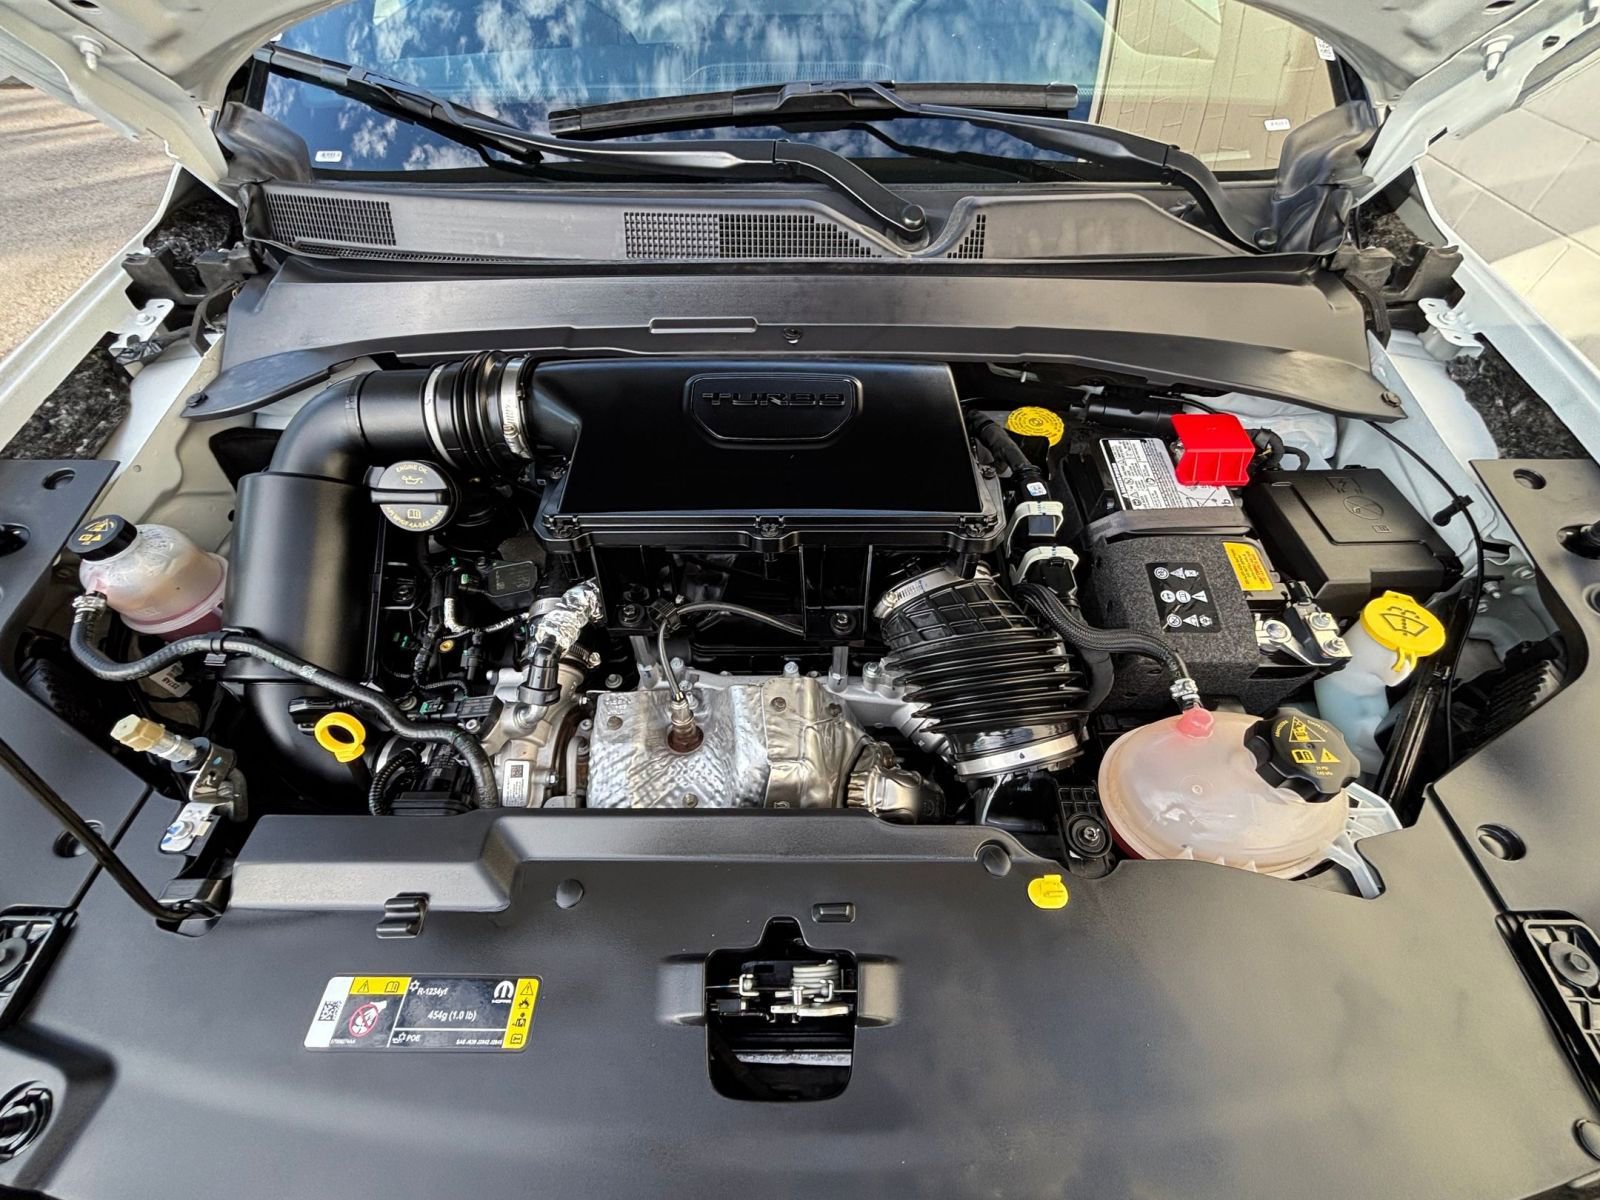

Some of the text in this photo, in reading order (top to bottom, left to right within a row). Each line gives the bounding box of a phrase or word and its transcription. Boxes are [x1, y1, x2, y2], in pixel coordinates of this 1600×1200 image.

---

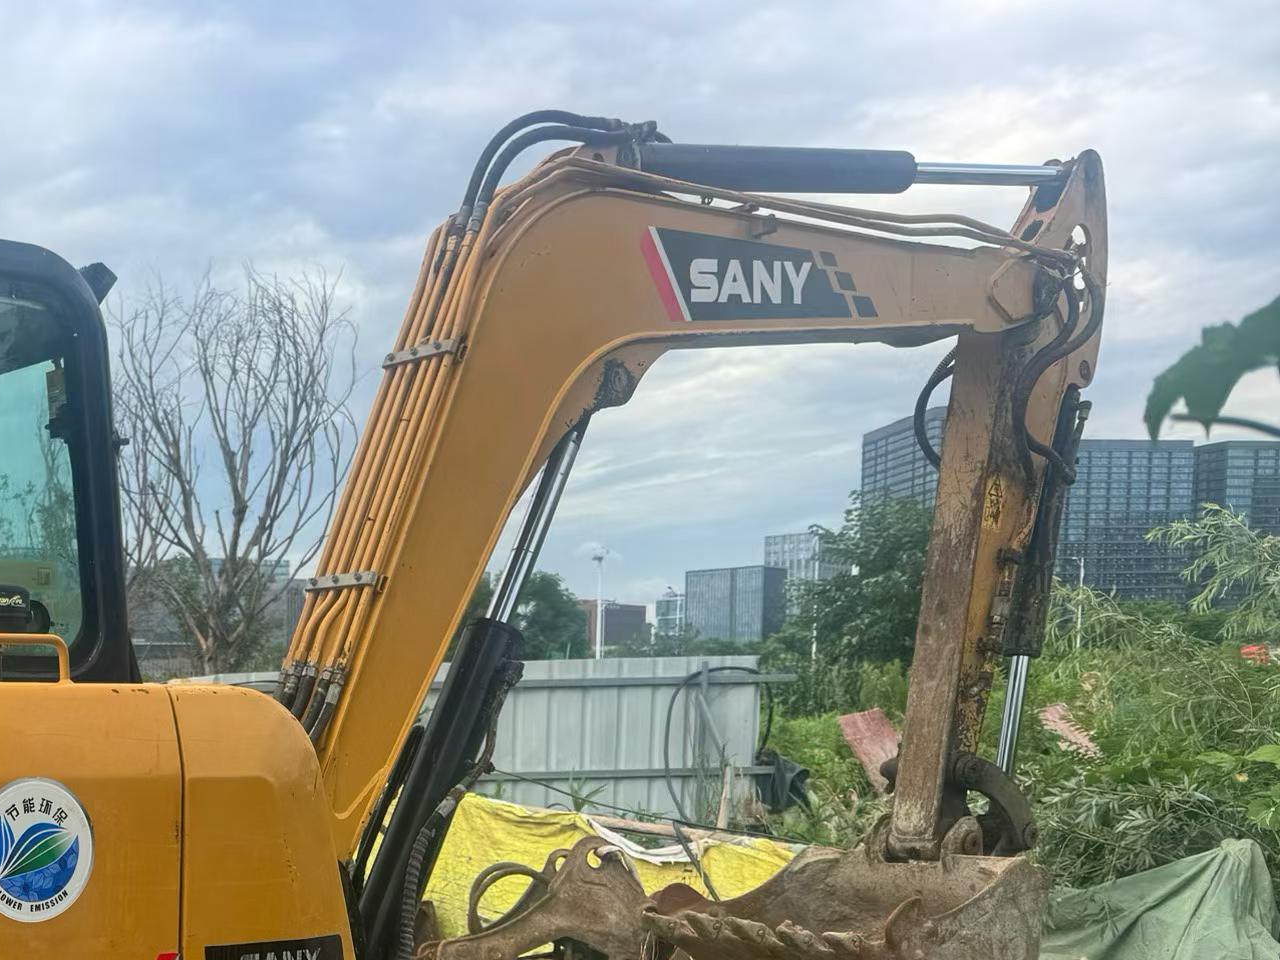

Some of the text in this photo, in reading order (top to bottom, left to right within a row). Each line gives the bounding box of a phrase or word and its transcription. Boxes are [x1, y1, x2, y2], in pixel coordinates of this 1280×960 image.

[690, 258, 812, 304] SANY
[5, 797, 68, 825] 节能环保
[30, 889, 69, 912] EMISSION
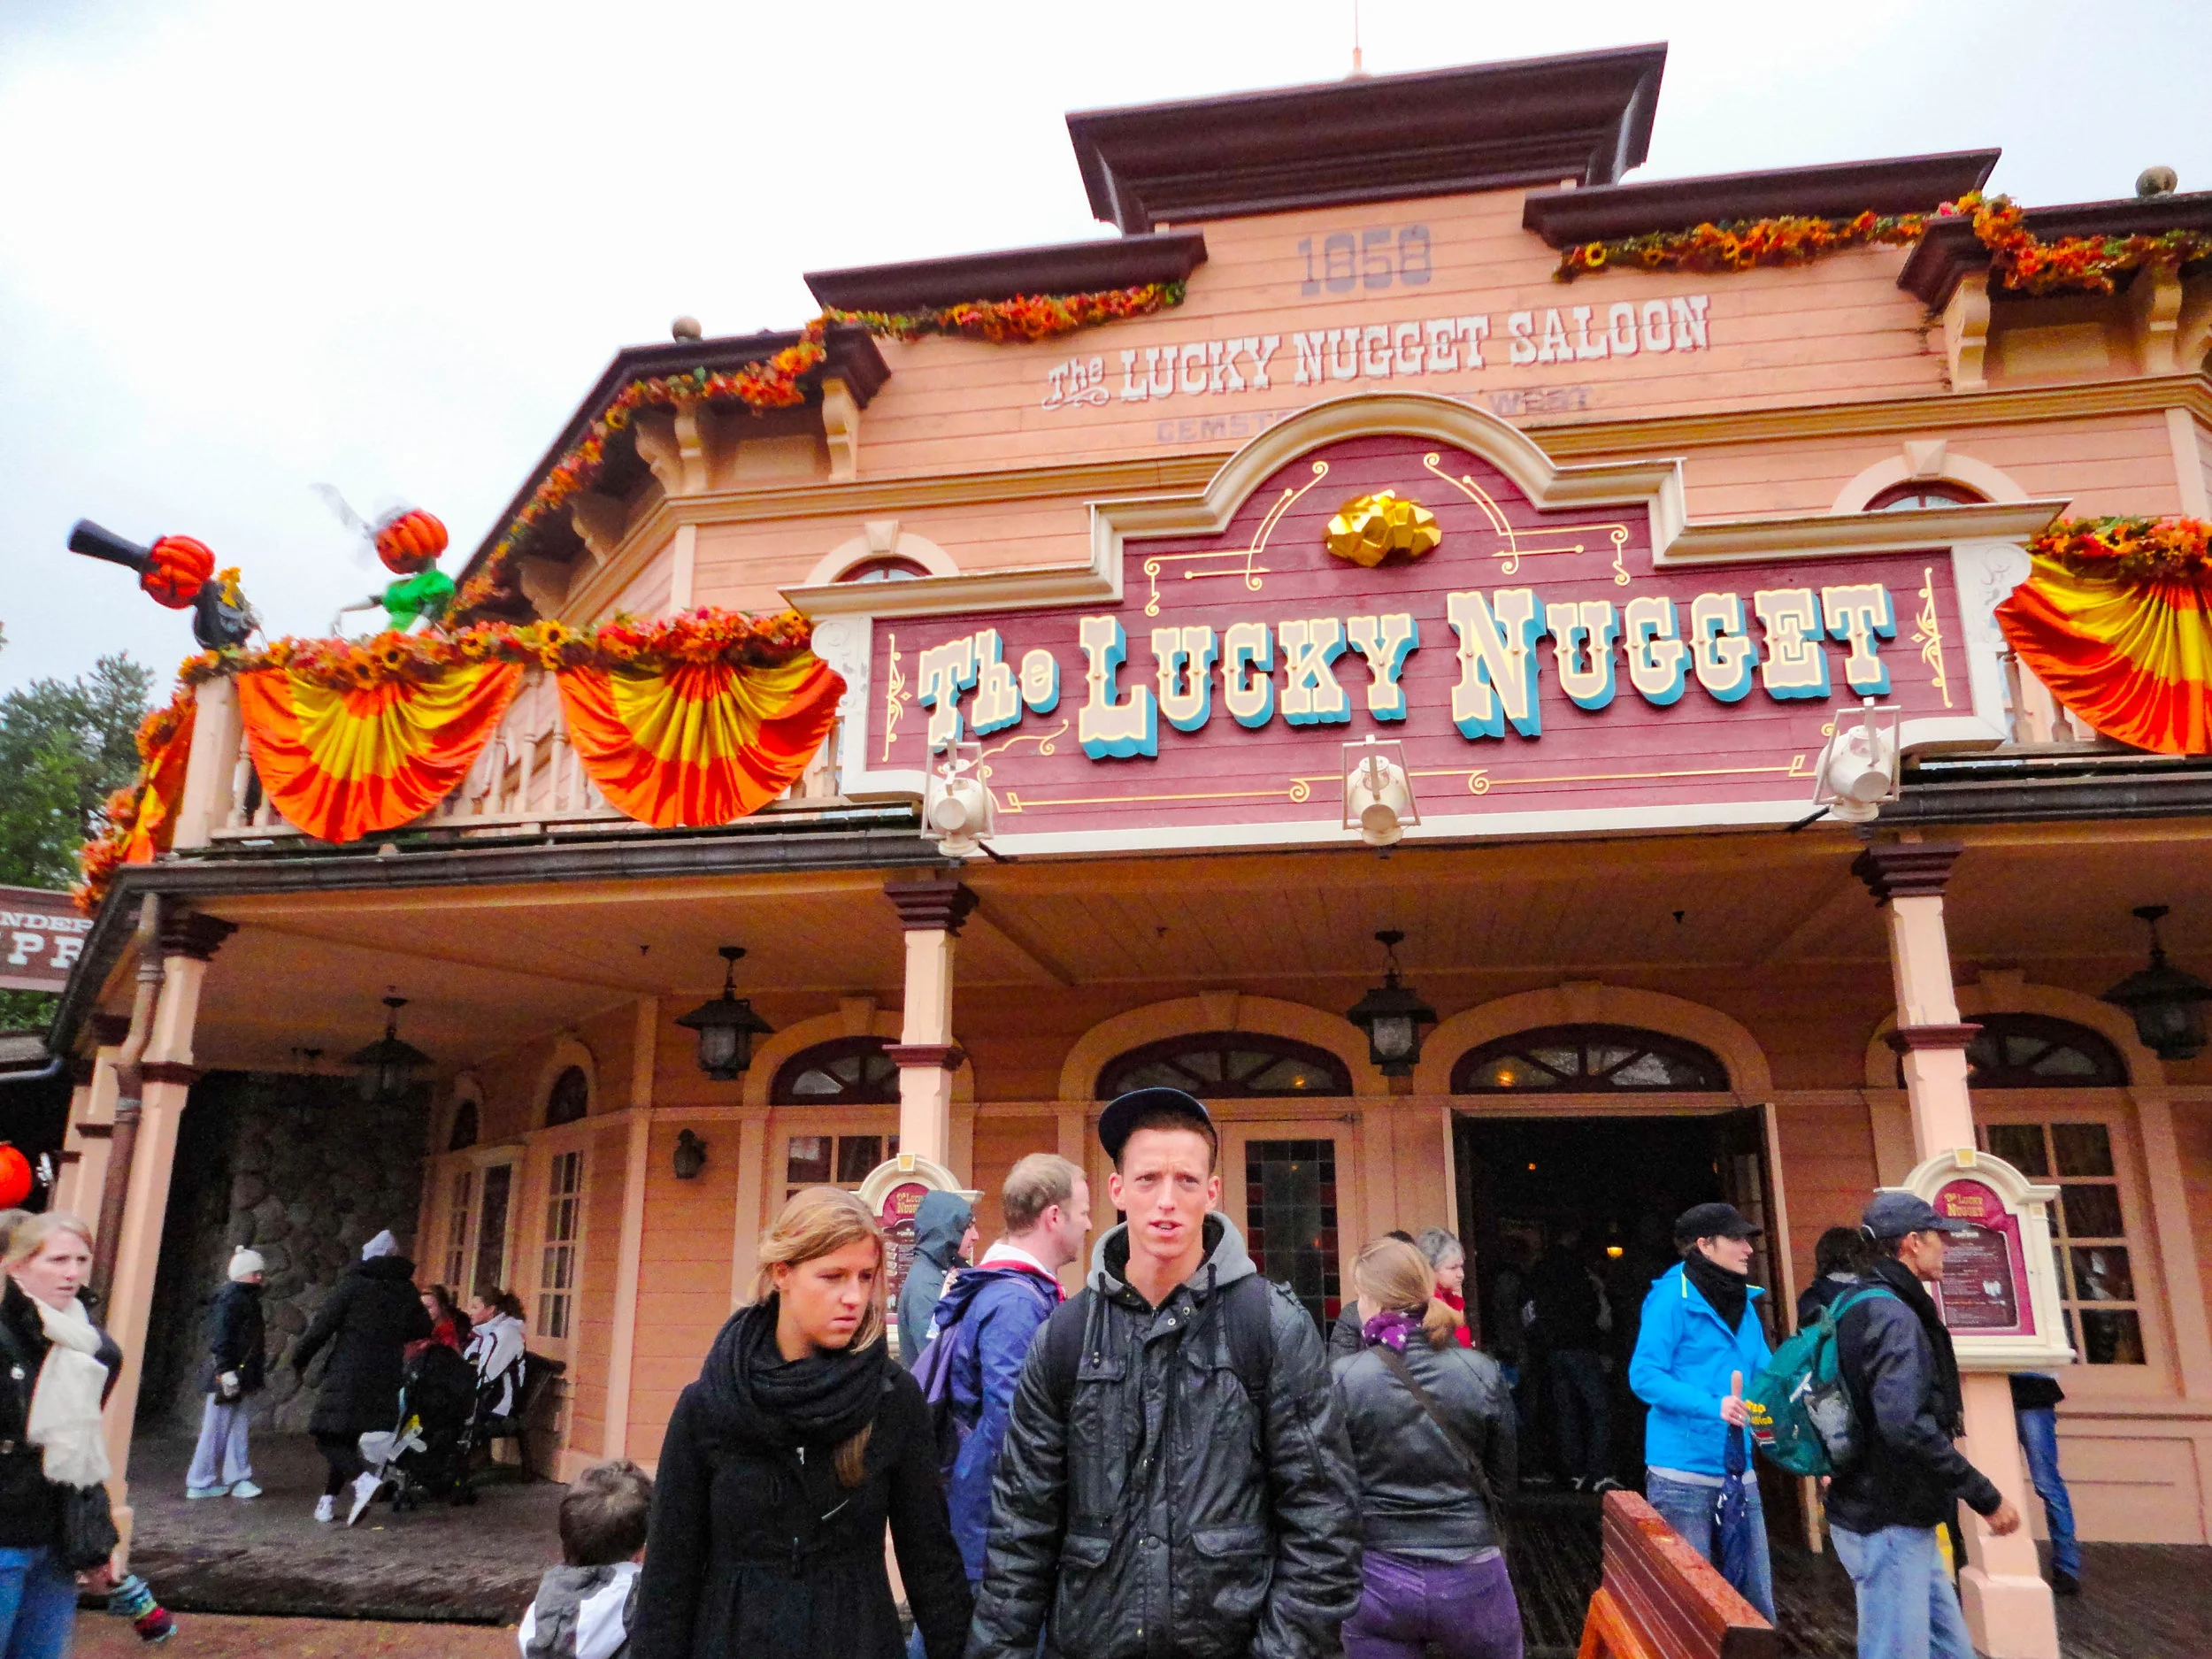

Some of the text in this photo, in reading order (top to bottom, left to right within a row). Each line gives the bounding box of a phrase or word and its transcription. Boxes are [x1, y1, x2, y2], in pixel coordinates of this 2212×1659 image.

--

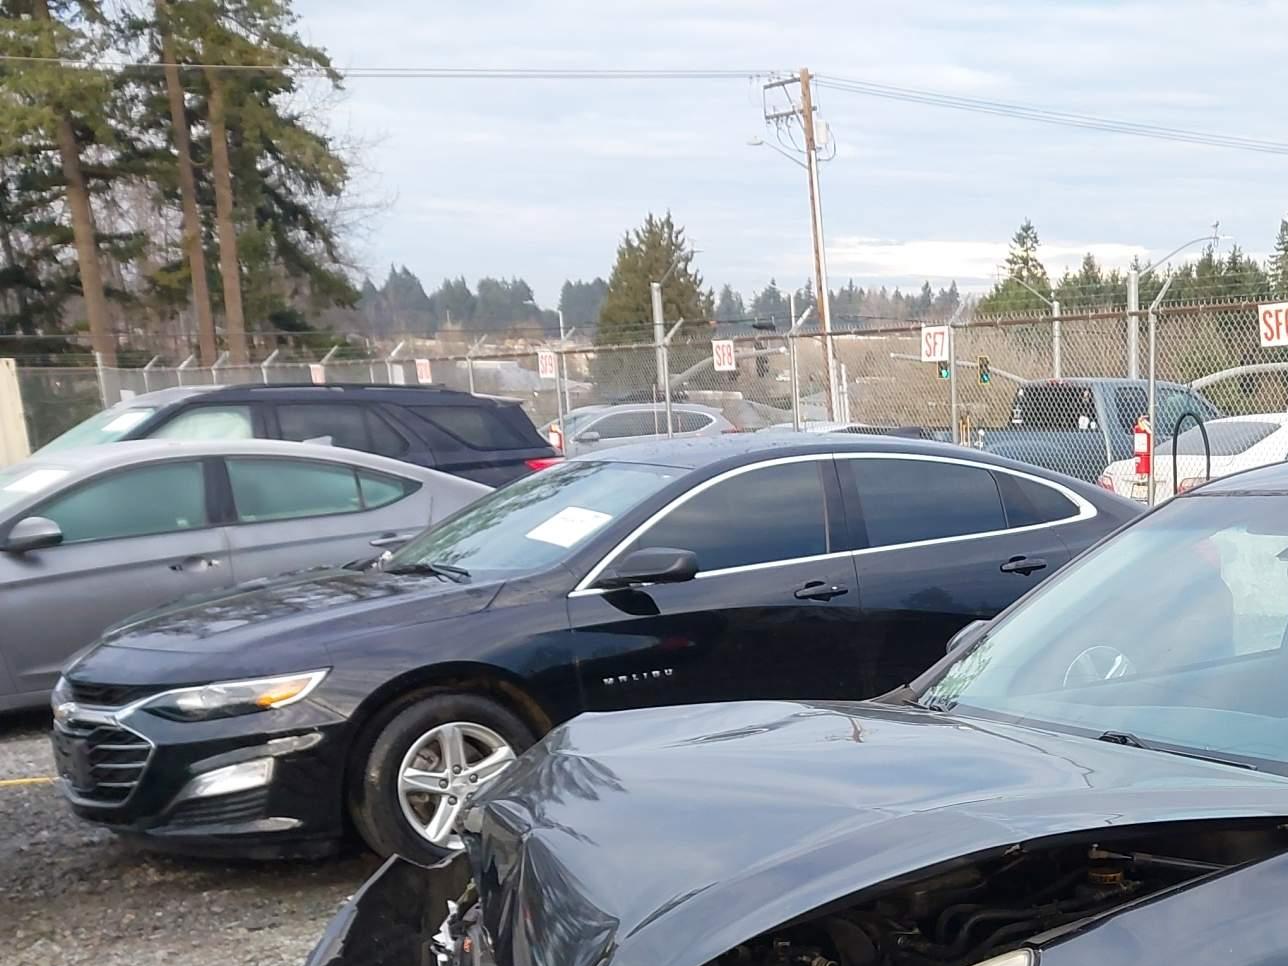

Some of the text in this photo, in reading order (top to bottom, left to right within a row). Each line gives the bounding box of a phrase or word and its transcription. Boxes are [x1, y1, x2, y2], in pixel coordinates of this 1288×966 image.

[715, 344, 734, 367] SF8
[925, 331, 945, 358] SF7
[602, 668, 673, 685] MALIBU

• [Exercise]
When you reach the line that has "this 1280×960 image." in the data above, start repeating lines exactly, and stop after the line that has "this 2212×1659 image."; pictures stay out.

• [Response area]
Some of the text in this photo, in reading order (top to bottom, left to right within a row). Each line gives the bounding box of a phrase or word and its transcription. Boxes are [x1, y1, x2, y2], in pixel coordinates of this 1280×960 image.

[690, 258, 812, 304] SANY
[5, 797, 68, 825] 节能环保
[30, 889, 69, 912] EMISSION

Some of the text in this photo, in reading order (top to bottom, left to right within a row). Each line gives the bounding box of a phrase or word and its transcription. Boxes are [x1, y1, x2, y2], in pixel coordinates of this 2212×1659 image.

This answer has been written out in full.